Data for this task:
= Beginning of Section =

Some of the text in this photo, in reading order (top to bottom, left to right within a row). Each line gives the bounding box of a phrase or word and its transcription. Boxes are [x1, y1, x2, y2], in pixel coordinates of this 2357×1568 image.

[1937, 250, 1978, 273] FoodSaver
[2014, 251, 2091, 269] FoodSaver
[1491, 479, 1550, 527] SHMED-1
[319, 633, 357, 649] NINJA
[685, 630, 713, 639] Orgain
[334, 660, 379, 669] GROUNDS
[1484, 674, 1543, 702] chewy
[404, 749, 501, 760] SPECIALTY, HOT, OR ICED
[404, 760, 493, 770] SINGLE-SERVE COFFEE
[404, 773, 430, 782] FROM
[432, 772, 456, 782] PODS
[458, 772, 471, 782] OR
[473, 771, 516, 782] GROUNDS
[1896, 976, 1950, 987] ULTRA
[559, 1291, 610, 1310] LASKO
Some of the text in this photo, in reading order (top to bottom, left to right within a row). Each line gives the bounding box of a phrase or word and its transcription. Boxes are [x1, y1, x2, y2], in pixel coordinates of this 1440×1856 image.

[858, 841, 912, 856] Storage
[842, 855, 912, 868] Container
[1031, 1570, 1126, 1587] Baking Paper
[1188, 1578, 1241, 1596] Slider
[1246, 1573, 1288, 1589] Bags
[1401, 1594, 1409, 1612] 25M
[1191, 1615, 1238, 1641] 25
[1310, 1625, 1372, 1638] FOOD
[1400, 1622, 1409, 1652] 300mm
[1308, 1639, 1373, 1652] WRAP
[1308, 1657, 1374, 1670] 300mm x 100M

= End of Section =

Goal of the exercise:
Set every record down again, exactly as given.

Your solution:
Some of the text in this photo, in reading order (top to bottom, left to right within a row). Each line gives the bounding box of a phrase or word and its transcription. Boxes are [x1, y1, x2, y2], in pixel coordinates of this 2357×1568 image.

[1937, 250, 1978, 273] FoodSaver
[2014, 251, 2091, 269] FoodSaver
[1491, 479, 1550, 527] SHMED-1
[319, 633, 357, 649] NINJA
[685, 630, 713, 639] Orgain
[334, 660, 379, 669] GROUNDS
[1484, 674, 1543, 702] chewy
[404, 749, 501, 760] SPECIALTY, HOT, OR ICED
[404, 760, 493, 770] SINGLE-SERVE COFFEE
[404, 773, 430, 782] FROM
[432, 772, 456, 782] PODS
[458, 772, 471, 782] OR
[473, 771, 516, 782] GROUNDS
[1896, 976, 1950, 987] ULTRA
[559, 1291, 610, 1310] LASKO
Some of the text in this photo, in reading order (top to bottom, left to right within a row). Each line gives the bounding box of a phrase or word and its transcription. Boxes are [x1, y1, x2, y2], in pixel coordinates of this 1440×1856 image.

[858, 841, 912, 856] Storage
[842, 855, 912, 868] Container
[1031, 1570, 1126, 1587] Baking Paper
[1188, 1578, 1241, 1596] Slider
[1246, 1573, 1288, 1589] Bags
[1401, 1594, 1409, 1612] 25M
[1191, 1615, 1238, 1641] 25
[1310, 1625, 1372, 1638] FOOD
[1400, 1622, 1409, 1652] 300mm
[1308, 1639, 1373, 1652] WRAP
[1308, 1657, 1374, 1670] 300mm x 100M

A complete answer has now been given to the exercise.